Kim Custeau, product marketing manager for Avantis (part of Invensys), says a major salty snacks company is implementing a maintenance system with the first phase including a link between a Wonderware MES system and the maintenance system. The objective is to minimize both unplanned downtime and maintenance cost through condition monitoring.
The trend among OEMs is to include condition monitoring options in the equipment they offer. Sophisticated control panels on compressors were considered pricey add-ons in years past, recalls William "Joe" Buck, corporate vice president of engineering at Engineered Refrigeration Systems, Mobile, AL. "Now everybody agrees they can't operate without them," he says. "The latest innovation is on-board vibration monitors. Those detectors cost about $9,000 per compressor. That's not a trivial investment. Nonetheless in today's economy, that's not going to slow down adoption." For example, Bosch Rexroth provides a range products for drive, control and motion technologies. Rexroth's new intelligent drive system, the IndraDrive, includes condition monitoring and predictive maintenance intelligent firmware functionality. The supplier claims that its "early warning system" allows service and maintenance measures to be taken in advance to prevent machine breakdowns. The IndraDrive not only monitors itself, it can also independently detect any weak points within the entire system. If a weak point is detected, a warning or fault is transferred to the master control. This allows for early detection of mechanical problems and the prevention of faults and errors, resulting in reduced downtime and increased productivity.

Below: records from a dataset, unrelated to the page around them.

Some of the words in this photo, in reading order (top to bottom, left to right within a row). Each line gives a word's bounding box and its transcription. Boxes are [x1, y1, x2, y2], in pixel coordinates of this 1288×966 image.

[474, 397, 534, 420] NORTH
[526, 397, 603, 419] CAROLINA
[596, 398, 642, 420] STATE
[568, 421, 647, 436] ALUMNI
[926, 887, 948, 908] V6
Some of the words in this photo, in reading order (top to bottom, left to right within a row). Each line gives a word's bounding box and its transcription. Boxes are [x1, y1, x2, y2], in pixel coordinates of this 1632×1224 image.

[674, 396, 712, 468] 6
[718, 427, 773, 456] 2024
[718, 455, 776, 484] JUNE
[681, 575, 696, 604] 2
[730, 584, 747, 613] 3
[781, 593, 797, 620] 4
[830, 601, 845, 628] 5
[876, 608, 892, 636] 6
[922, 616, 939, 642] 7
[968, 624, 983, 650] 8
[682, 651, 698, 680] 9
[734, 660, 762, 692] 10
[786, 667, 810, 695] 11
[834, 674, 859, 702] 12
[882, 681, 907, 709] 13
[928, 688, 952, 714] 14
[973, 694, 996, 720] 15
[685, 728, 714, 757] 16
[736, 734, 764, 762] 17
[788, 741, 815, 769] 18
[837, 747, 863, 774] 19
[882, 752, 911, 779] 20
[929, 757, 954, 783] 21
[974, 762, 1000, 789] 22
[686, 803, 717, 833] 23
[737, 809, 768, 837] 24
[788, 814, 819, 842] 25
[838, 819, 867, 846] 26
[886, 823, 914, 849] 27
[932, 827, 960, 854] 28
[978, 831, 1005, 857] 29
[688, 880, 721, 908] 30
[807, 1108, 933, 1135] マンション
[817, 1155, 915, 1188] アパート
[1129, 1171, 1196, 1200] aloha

Which style is best for you?It takes money to monitor the health of equipment, which brings us to the dilemma of selecting a cost controlled or results controlled maintenance philosophy. Monitoring means inspections, sensors, and enormous amounts of information that must be gathered and analyzed. How can we determine the right maintenance strategy for a specific asset?

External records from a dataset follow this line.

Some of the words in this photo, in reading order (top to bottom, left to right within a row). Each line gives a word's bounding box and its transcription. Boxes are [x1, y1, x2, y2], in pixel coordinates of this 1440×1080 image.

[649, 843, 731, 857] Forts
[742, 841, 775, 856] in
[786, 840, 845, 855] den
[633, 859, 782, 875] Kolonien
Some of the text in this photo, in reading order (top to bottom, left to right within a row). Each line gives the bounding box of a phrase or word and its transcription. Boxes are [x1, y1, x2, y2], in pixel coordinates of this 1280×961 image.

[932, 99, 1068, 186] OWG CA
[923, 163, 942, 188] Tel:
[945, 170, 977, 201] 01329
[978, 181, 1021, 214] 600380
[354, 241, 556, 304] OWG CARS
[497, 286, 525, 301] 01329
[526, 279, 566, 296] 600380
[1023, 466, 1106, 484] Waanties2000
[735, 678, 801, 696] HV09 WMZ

To meet the objectives of lean manufacturing, evaluate the cost of failure in terms of both not meeting business objectives and any extra cost due to unplanned or even emergency repairs. By understanding the cost of maintenance for each asset, you can compare these to develop alternative maintenance strategies.

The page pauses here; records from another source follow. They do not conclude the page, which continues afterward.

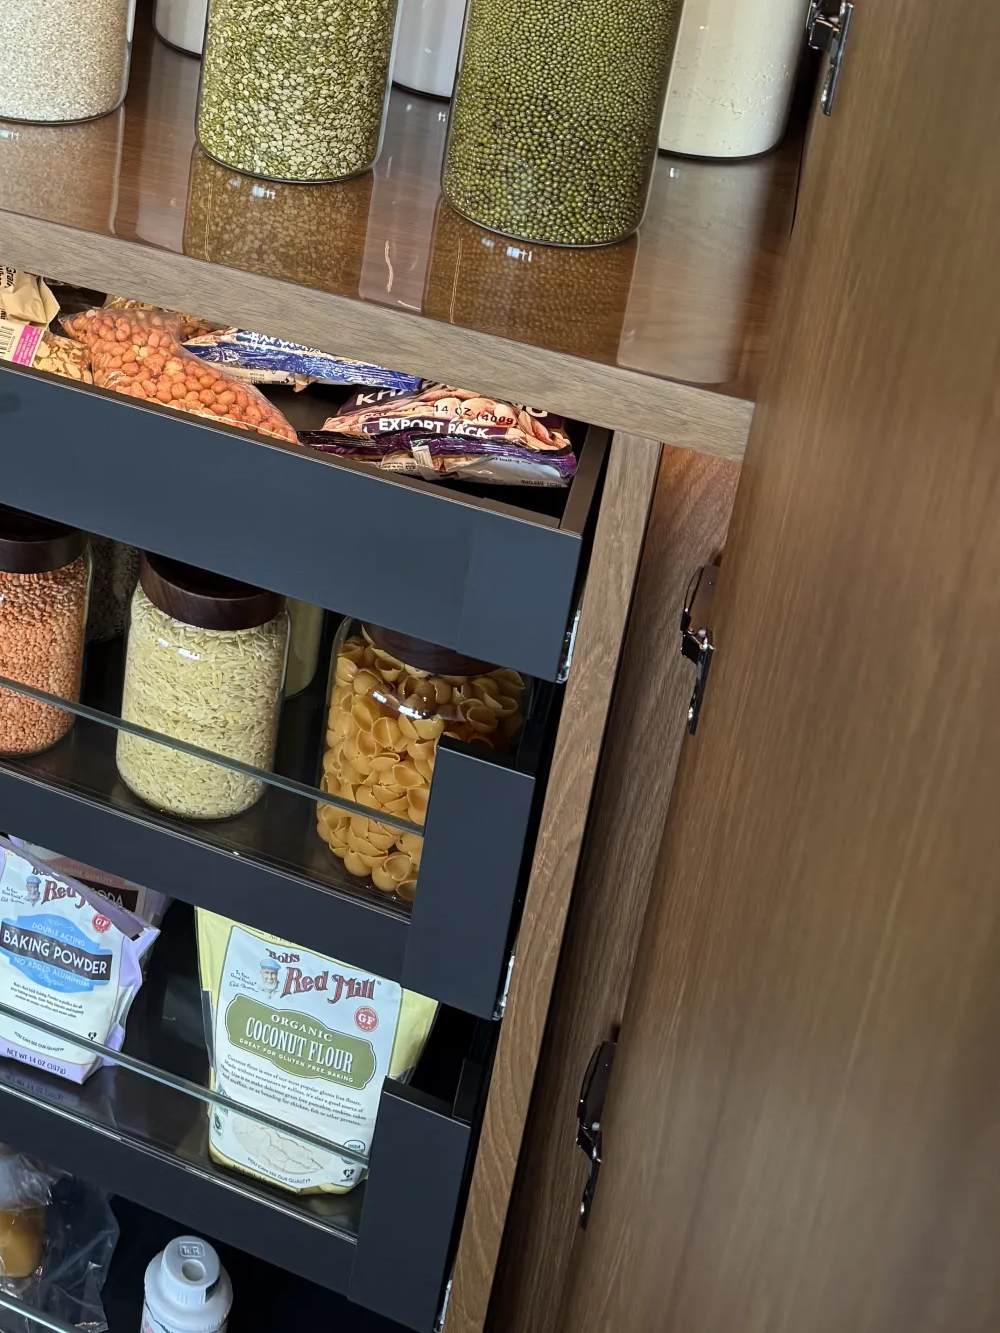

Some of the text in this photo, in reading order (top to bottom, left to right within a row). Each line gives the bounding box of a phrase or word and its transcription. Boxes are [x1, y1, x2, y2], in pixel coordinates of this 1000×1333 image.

[379, 417, 490, 439] EXPORT PACK
[32, 922, 86, 947] DOUBLE ACTING
[95, 917, 109, 927] GF
[3, 930, 107, 974] BAKING POWDER
[265, 948, 301, 964] Bob's
[13, 957, 90, 987] NO ADDED ALUMINUM
[280, 966, 376, 1004] Red Mill
[271, 1014, 332, 1042] ORGANIC
[358, 1013, 376, 1025] GF
[13, 1030, 22, 1039] YOU
[22, 1035, 31, 1043] CAN
[246, 1017, 353, 1074] COCONUT FLOUR
[6, 1048, 18, 1057] NET
[37, 1059, 46, 1067] OZ
[47, 1062, 67, 1075] (397g)
[224, 1059, 236, 1068] Made
[239, 1038, 354, 1083] GREAT FOR GLUTEN FREE BAKING
[228, 1054, 245, 1065] Coconut
[246, 1062, 257, 1070] flour
[300, 1082, 318, 1093] popular
[335, 1093, 344, 1101] free
[247, 1156, 257, 1167] YOU
[257, 1163, 268, 1172] CAN
[277, 1173, 287, 1181] OUR

Namely, if both the cost of failure and the cost of maintenance are low, you can justifiably use the strategy of simply fixing the asset when it breaks down. If the cost of failure is low but the cost of maintenance is high, you need to minimize the amount of maintenance required. This might best be accomplished by waiting for the asset to break before expending any maintenance cost. Time-based preventive maintenance will work here as well.
Where the cost of failure is high and the cost of maintenance is low, you'll need to be more proactive and accept more maintenance cost in order to insure that the asset will not fail. Here, a predictive maintenance strategy should work well. Reliability centered maintenance should also be considered since the consequence of failure is high. Finally, if both the cost/consequence of failure and the cost of maintenance are high, you'll need to use reliability centered maintenance to optimally manage the health of the asset and avoid failures.
Ultimately, the maintenance style you choose should be in response to the storms you may face. Walk the plant floor and evaluate your assets one at a time. Keep in mind that one maintenance philosophy might not be appropriate for all assets. And above all, learn from equipment failures that do occur. You don't want lightning to strike the same spot twice.